I have a Mulberry tree in my back yard that had 2 large limbs come down. The tree grows kinda funky. It has 3 main trunks that rise at varying degrees. One of the trunks had 2 branches break away and another that is nearly horizontal about to come down. At some point the whole tree will have to go. I would imagine there is quite a bit of tension in the wood from the whole tree. When the trunks come down there will be plenty of wood to lay on the sawmill for cutting blanks but the wood will have a bit of tension because the trunks don't grow vertical.

The question I have for you experienced call makers is would you feel comfortable making a call from dried wood that originally had considerable tension for fear of wood movement in changing atmospheric conditions. Say like from low to high humidity.

When you choose stock do you look for boards cut from the main trunk? Does it bother you or do you just look for proper grain/cut?
Paul Myrdahl,  Goat trainee

"I won't be wronged, I won't be insulted, and I won't be laid a hand on. I don't do these things to other people, and I require the same from them.". John Wayne, The Shootist.

mmclain

 No there isn't any tension lengthwise.   It will cup as it dries some woods more than others.   The call should be double turned to relieve any cupping that occurs after coring out the internals of the pot.  Regardless of the way the tree grows the wood will cup. Depending on the species some more some less.

Paulmyr

#2
I'd have to disagree with you about wood not having tension lengthwise. All the milling sights I visit talk about wood tension(hardwoods) and compression(softwoods). It's how trees grow to fight gravity. I've seen it 1st hand myself while milling where boards bowed considerably while the blade cut through them from the trunk wood of trees that grew at an an angle and not straight up from the ground. The thicker the cut the more they bow. Sawyers try to fight this as well as other movements (cupping, twisting, crooking) during the drying process by adding considerable weight on top of their stacked lumber or by the use of ratchet straps.

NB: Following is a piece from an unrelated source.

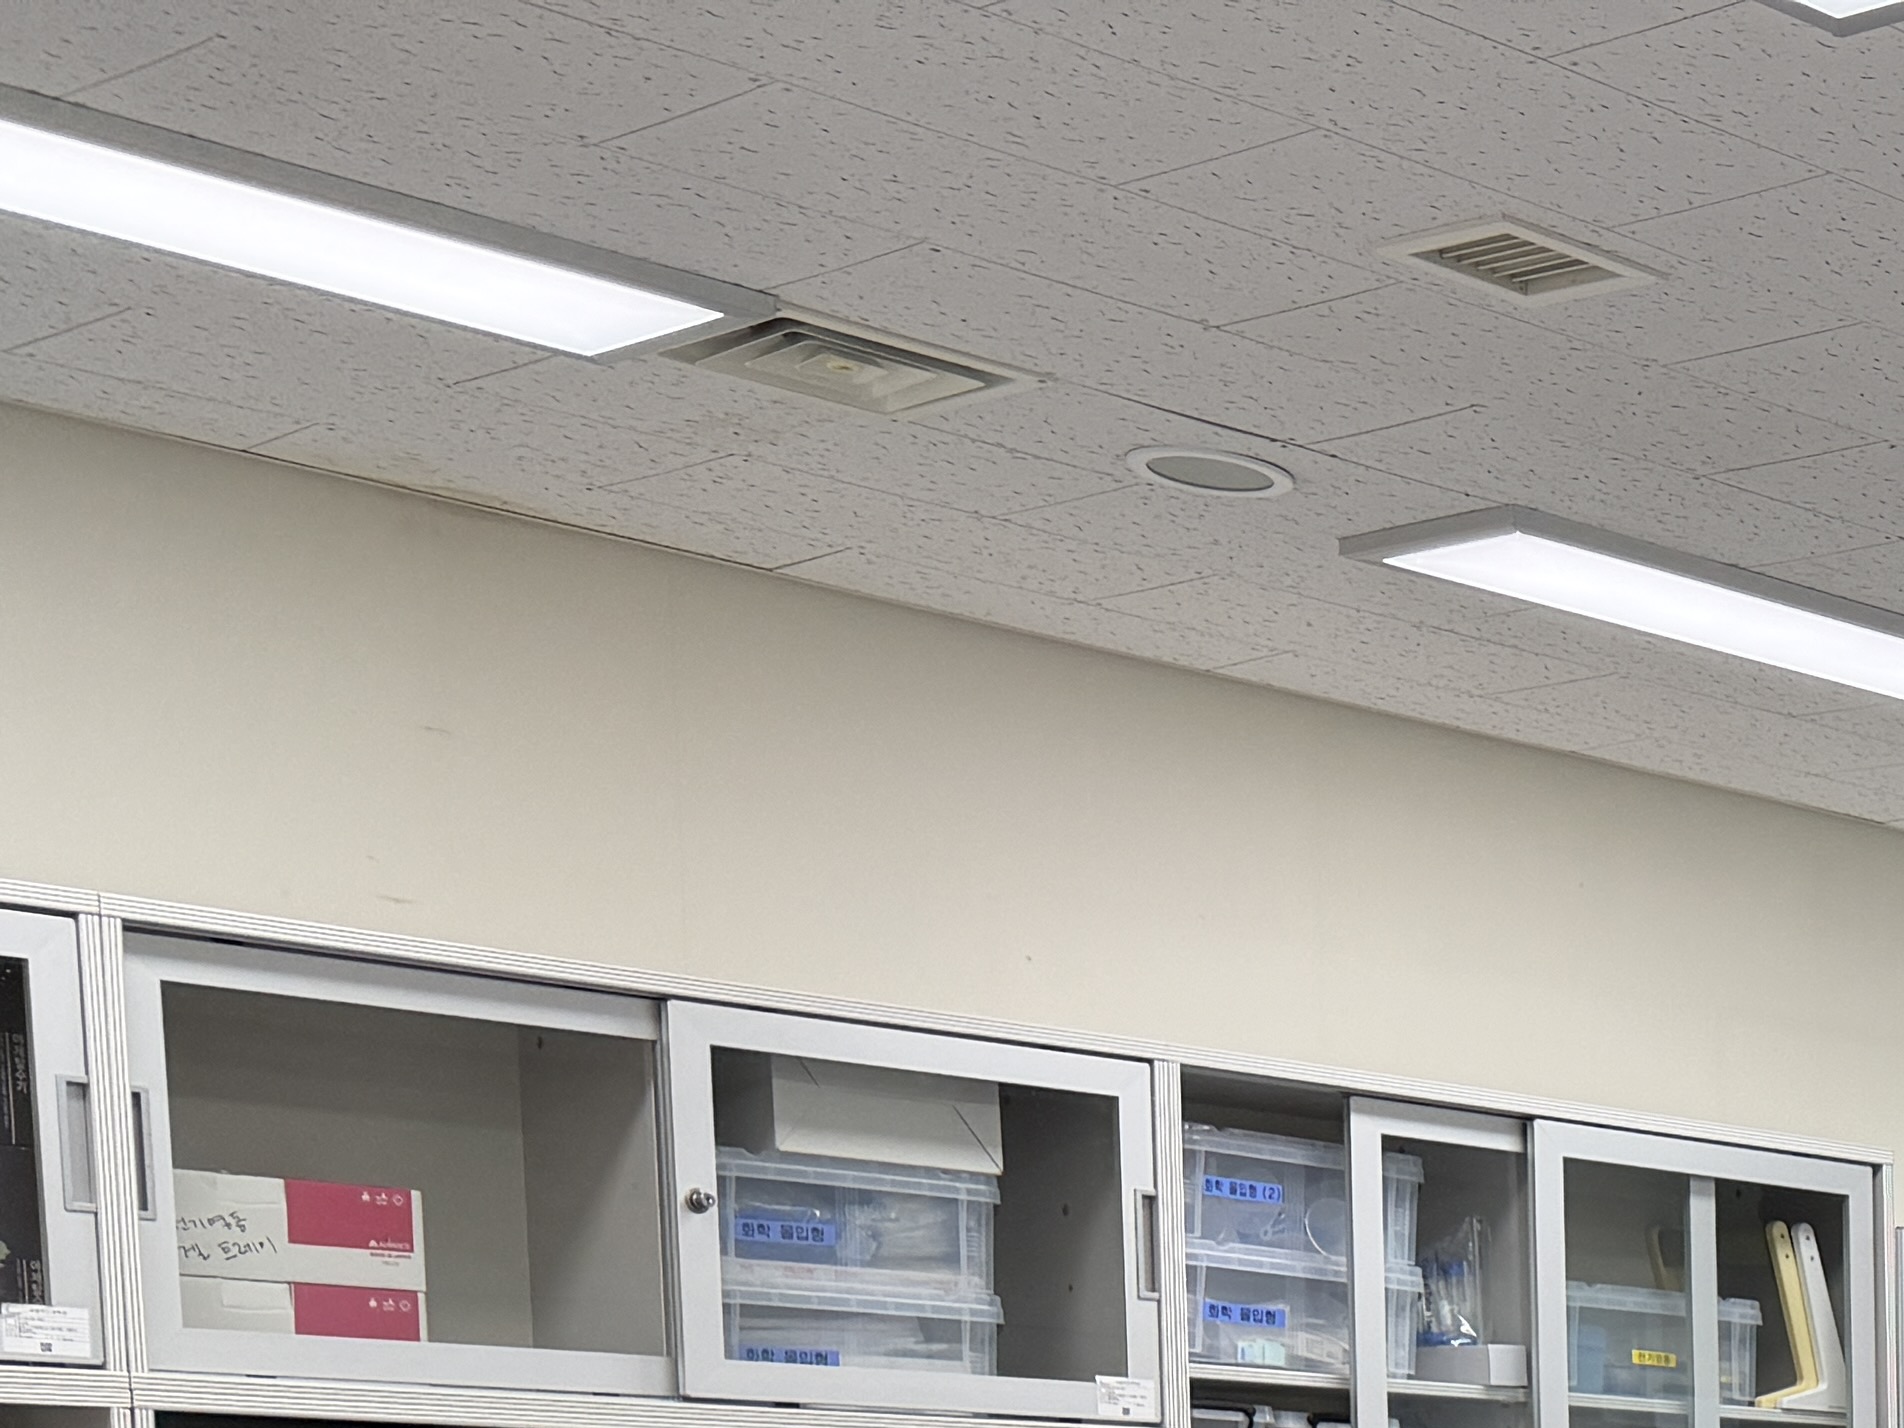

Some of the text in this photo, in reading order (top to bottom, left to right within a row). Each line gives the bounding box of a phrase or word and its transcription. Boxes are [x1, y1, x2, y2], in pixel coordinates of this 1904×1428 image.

[1262, 1186, 1281, 1201] (2)
[741, 1221, 771, 1239] 화학
[1208, 1303, 1233, 1320] 화학
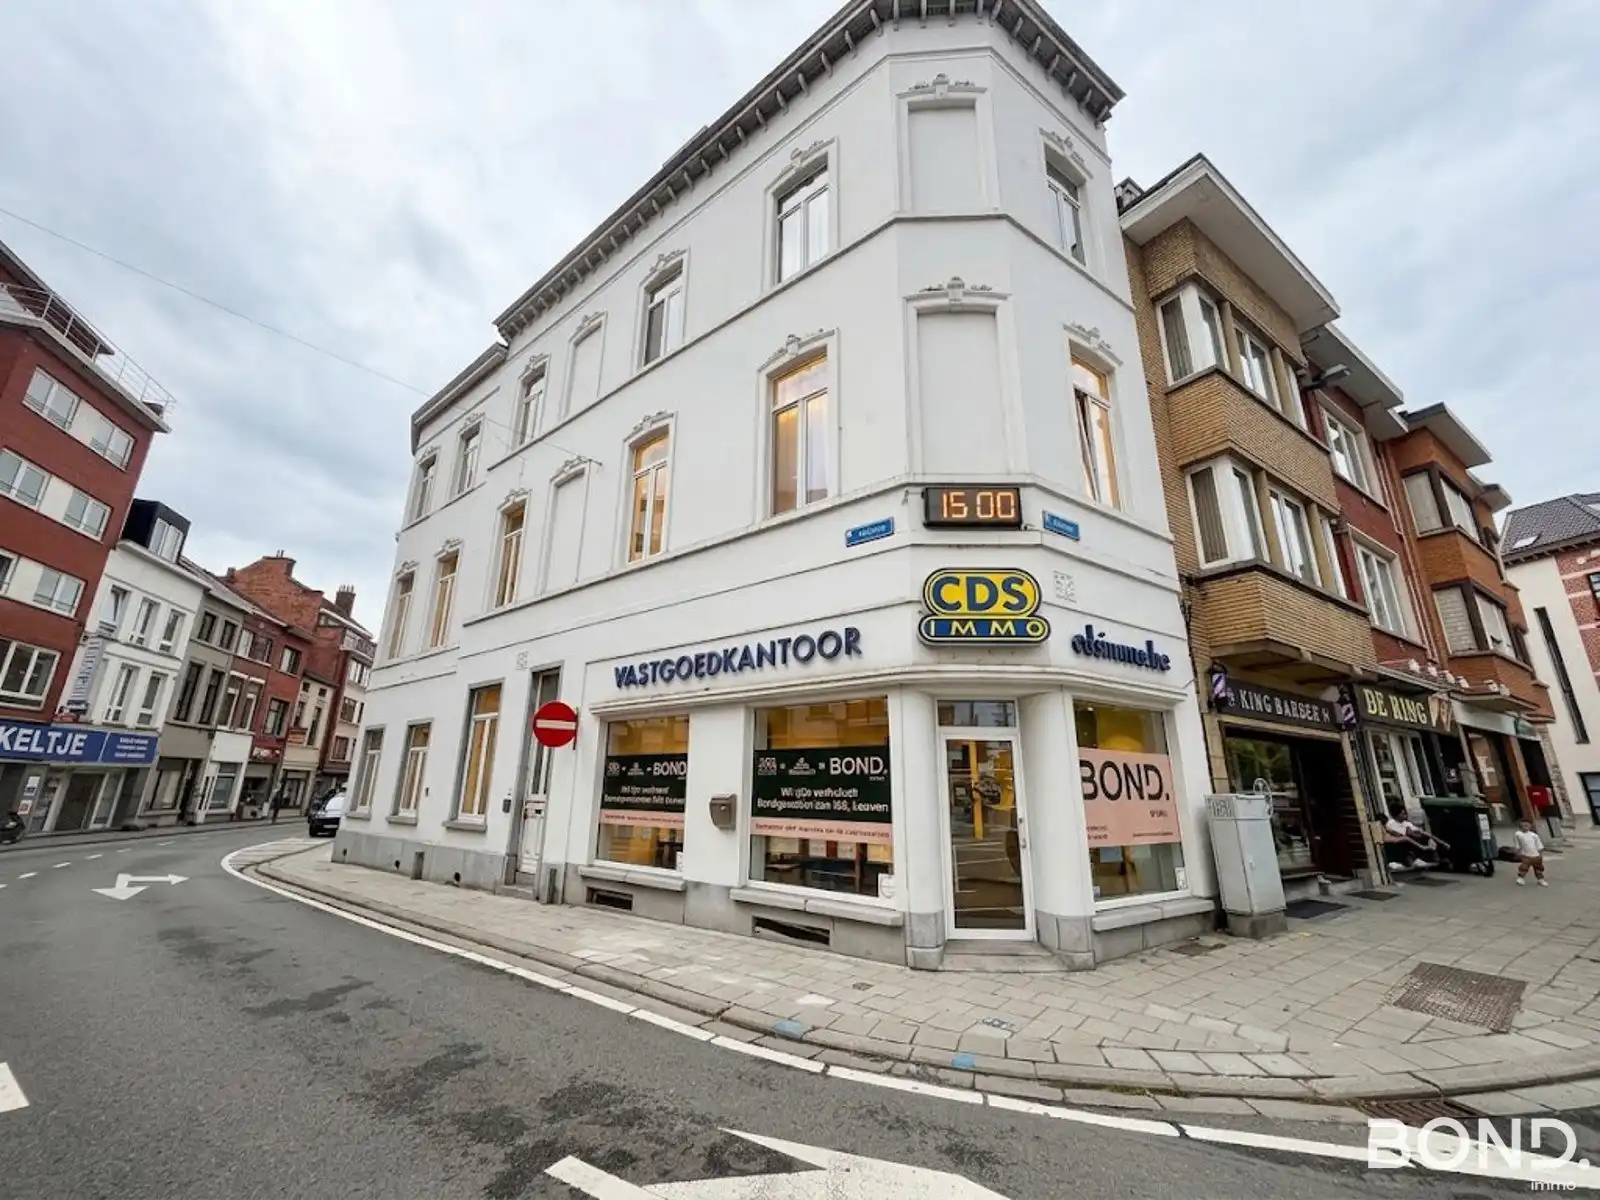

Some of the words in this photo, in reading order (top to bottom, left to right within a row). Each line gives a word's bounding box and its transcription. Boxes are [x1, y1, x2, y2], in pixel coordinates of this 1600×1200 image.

When you talk about cupping do your hollowed blanks move across the width? Does it cup towards or away from the side where you removed the material  on your 1st turn? A board will cup towards the center of the tree if it was flat sawn.

Quarter or rift sawing is used by hardwood flooring manufactures to fight cupping. The movement in these cuts tend to be sideways by crooking  (crowning of the board for the carpenters among us) as the wood on one side of the face of a board is younger than the other side and dries at a different rate. Tension/compression could add to this movement or possibly fight it? Twisting is common in rift sawn wood. It seems type of wood plays a role in the volatility of the these movements.

It maybe the case that these movements are minimal, if at all, with smaller blanks used in pot calls compared to furniture or something.

How about box calls being the blanks are cut along the length of the board? From what little I've been able find on the net, Quarter sawing for the paddles and flat sawing for the box seems to be the most viable as it exposes the wood grains in a way that causes the most vibration when the paddle is manipulated.

Maybe it's a moot point if the wood is allowed to acclimate for a long period of time and the blank is then cut after the wood has moved.

Or ..... am I over thinking all of this?


Paul Myrdahl,  Goat trainee

"I won't be wronged, I won't be insulted, and I won't be laid a hand on. I don't do these things to other people, and I require the same from them.". John Wayne, The Shootist.

mmclain

Yes it will cup across the grain and to the center.  All Dry wood  "no matter how long it's dried" will cup after its been hollowed. even quarter sawn will cup and can be measured .  It doesn't shrink lengthwise that's what I meant.  Ive sawn, dried, and turned plenty of wood.  It's best not to fight the warping or twisting if you want a more stable piece of wood.   It's pointless to fight persimmon and some other woods from all the movement    That "minimal" movement on a first turn built call is enough to crack the surface or disrupt a good adhesive bond.  Kiln drying wood wont stop cupping either.




Paulmyr

So you'd comfortable using branch wood for making calls?
Paul Myrdahl,  Goat trainee

"I won't be wronged, I won't be insulted, and I won't be laid a hand on. I don't do these things to other people, and I require the same from them.". John Wayne, The Shootist.

mmclain

#5
Yes.   If they are big enough.  The crotch of the tree is where most of the stress lies.  That's why you get the nice character in the grain thus it becomes highly desired for wood turning.  Once you core out all the waste wood and let it rest the wood movement becomes minimal.  Doesn't matter if it's the trunk or limb the wood will move after its dry.     If you've ever sawn persimmon you'll notice that the warping/ cupping is severe and the crotch areas shrink more than the rest of the board.  Its a large amount of waste compared  to a sawn poplar or oak board.  Your mulberry wood will Be just fine for some types of calls.  Depending on the size they might not be suitable for a pot call.     

Paulmyr

Thanks, I have some branch pieces with about a 12" diameter and the split  trunks are close to 20" when I get the chance to bring them down. Got 3 large Mulberry on the perimeter of the property. Need to find the property stakes but I'm pretty sure they are mine.

Also have some Catalpa trunk pieces that are about 16" that have been waiting for the chainsaw for about a little under 2 years. I'll have to check them out and get them on the mill if they are still good.  They came off a hollow monster that was  near 80' tall and about 3 ft in diameter at the base. I bet the tree guy had a place for it. Told him to get rid of the trunk before the 1st crotch as I had no way to manage it at the time.

2 more Catalpas in the front yard that are on the chopping block. They are soaking up all the water and sunlight and killing what little grass is left. They are not near as big as the monster was.

Add one of the walnuts from the back yard and some ash at the cabin and I should have a pretty good stash of wood for working when I get the the shop built.

Thanks again for your time.
Paul Myrdahl,  Goat trainee

"I won't be wronged, I won't be insulted, and I won't be laid a hand on. I don't do these things to other people, and I require the same from them.". John Wayne, The Shootist.

Paulmyr

#7
How about any of you box call makers? What are your thoughts on this matter? Are you looking more at the grain? Does wood movement and what part of the tree the wood comes from of concern to you?
Paul Myrdahl,  Goat trainee

"I won't be wronged, I won't be insulted, and I won't be laid a hand on. I don't do these things to other people, and I require the same from them.". John Wayne, The Shootist.